Because the president is holding the receipt.
But this is no laughing matter to investigative reporter David Bedein, who believes the same weapons companies who supplied Iraq with WMD before 1990 continued doing so into the next century -- with the help of American companies. Bedein heads the Israel Resource News Agency, a long name for a little outfit. Its single-room office is located in the cavernous Israel government international press building, alongside other foreign press bureaus -- like Knight-Ridder's, which supplies news to the Inquirer and Daily News.
But Bedein's bureau is different. The burly, 54-year-old Philadelphia native and Akiba Academy graduate specializes in what he calls "proactive news investigations," the in-depth, shoe-leather, page-turning kind of journalism that few news organizations currently pay for. So, Bedein is hustling hard to fund his hunch. At the moment, he's got no takers.
There used to be an interest in finding out who profited from WMD, he says while waving a copy of a report, published by the Simon Wiesenthal Center in 1990, that allegedly documents the Germany-U.S.-Iraq pipeline.

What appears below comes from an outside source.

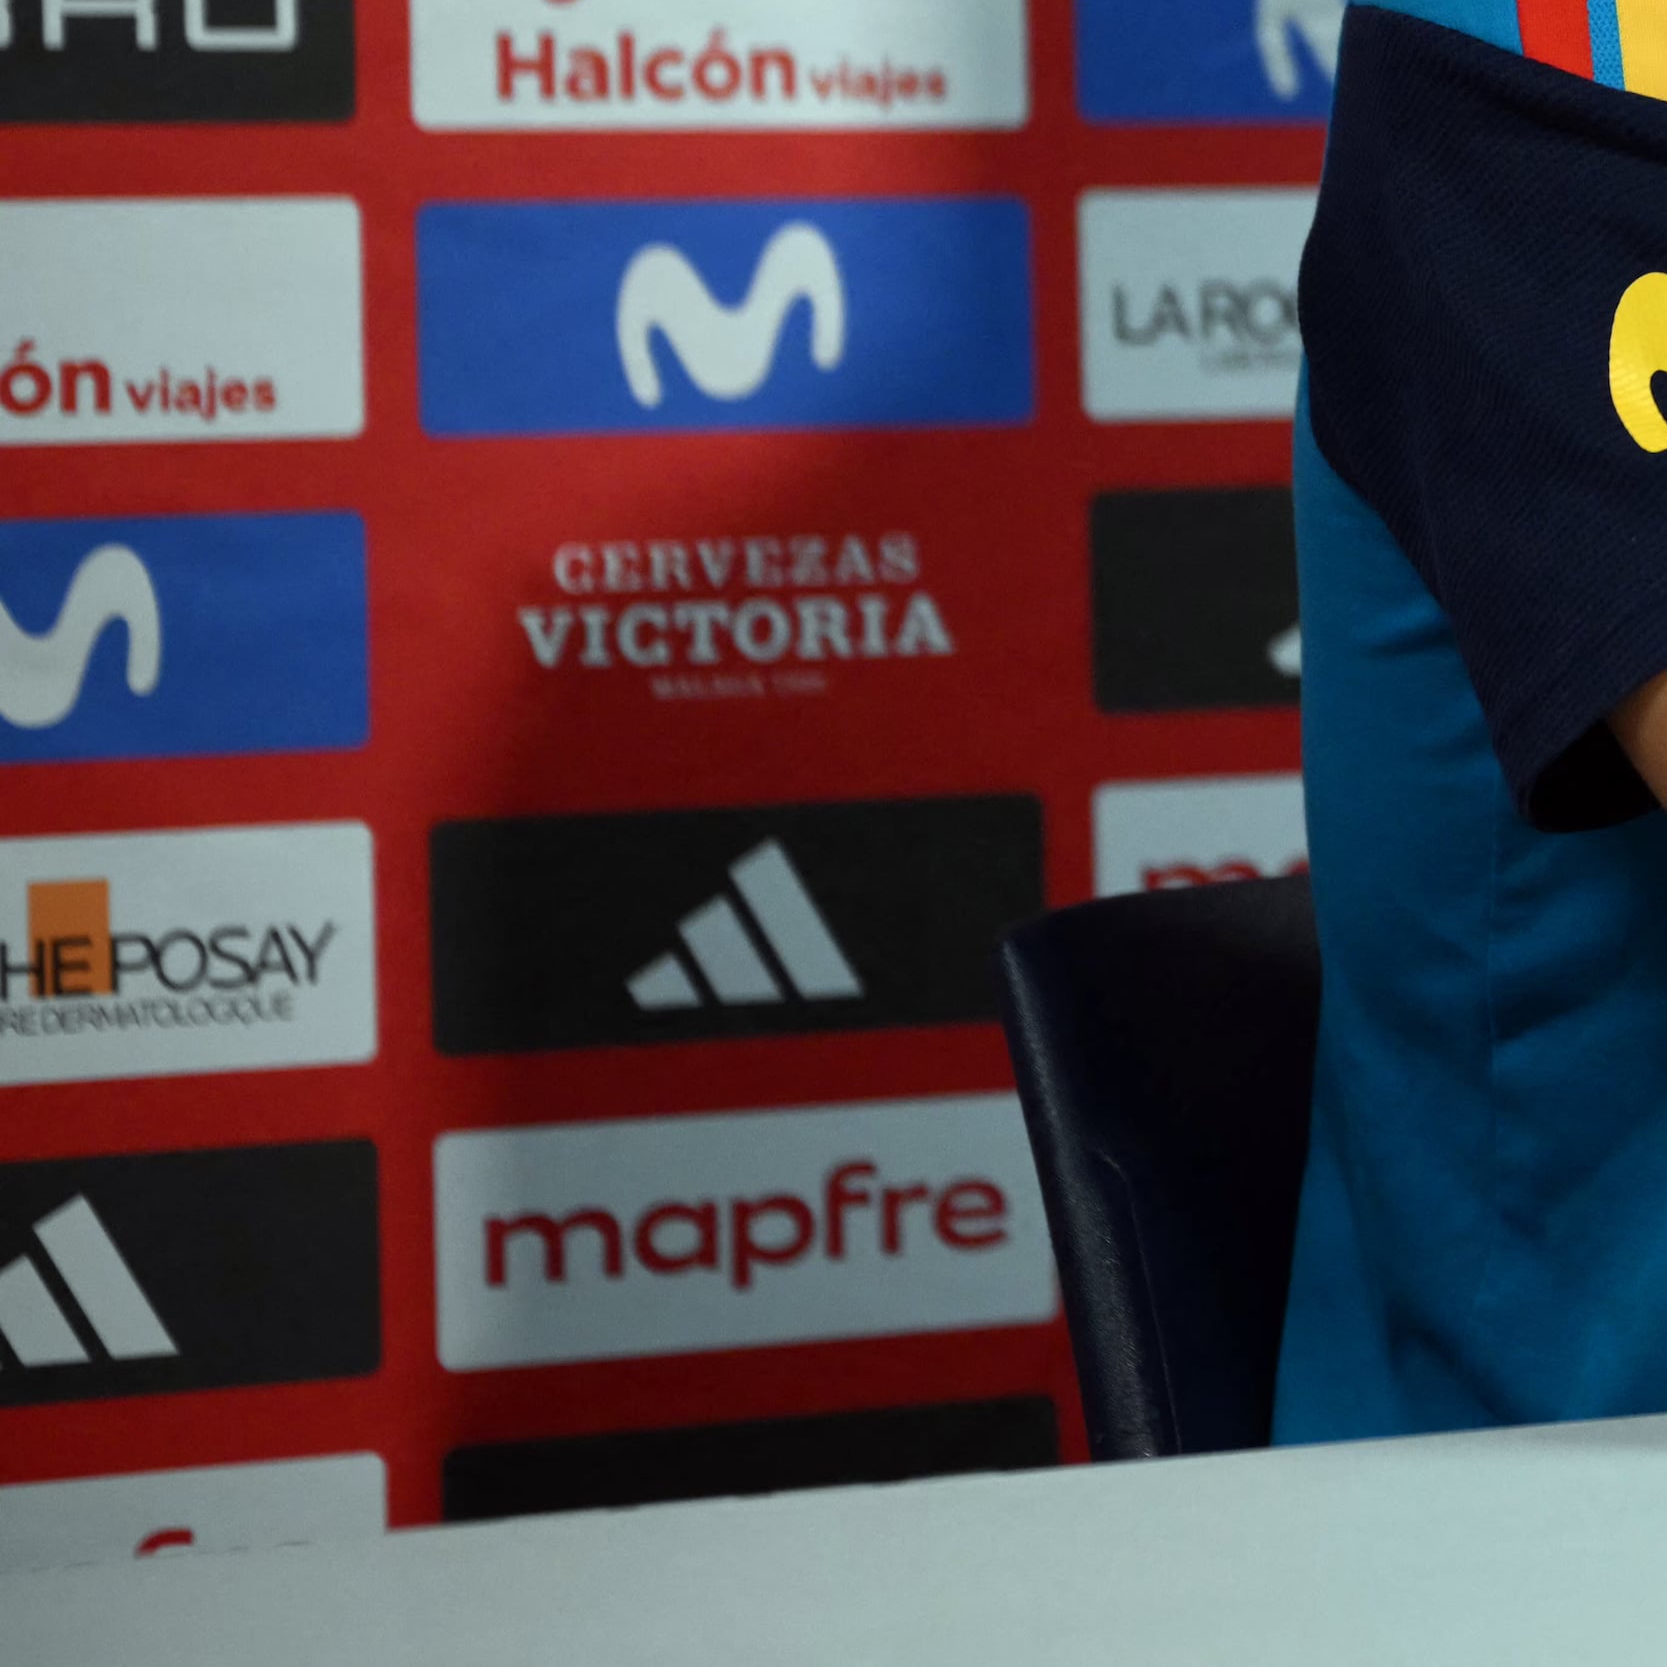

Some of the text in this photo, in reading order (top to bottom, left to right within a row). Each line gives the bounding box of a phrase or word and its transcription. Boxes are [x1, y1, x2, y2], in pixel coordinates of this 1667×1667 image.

Bedein's also got a list of American companies -- including Dresser Industries, Hewlett-Packard and Honeywell -- that reportedly took part in some of the deals.
In the late '80s and early '90s, news outlets like NBC, ABC, The Washington Post and The New York Times ran lots of reports on these alleged connections but the media, says Bedein, has since grown silent.
Investigative reporting, he adds, has become a causality of corporate-media politics as there are now just too many toes that could be stepped on. One of Bedein's recent investigations is a compelling, if not convincing, essay that documents how the United Nations Relief and Works Agency for Palestine Refugees in the Near East (UNRWA) permits, and even encourages, terrorists to operate openly from inside its camps. Since the U.S. is a major contributor to UNRWA, that brings the inference that American tax dollars help arm Palestinian terrorists. But this story, released last August, has yet to break in the major media.
Bedein hoists a carton of his old stories that ran in major media, including op-ed pieces that appeared in the Inquirer. But recent regime changes at that newspaper, he says, have made his views unwelcome there. Those views may become even less acceptable when his book on media coverage of the Palestine Liberation Organization/Palestinian Authority is soon published. (Bedein's research can be found at www.israelbehindthenews.com.)
Meanwhile, Bedein is convinced he's sitting on a bombshell about WMD profiteering -- and he's waiting for the right news organization to light the fuse.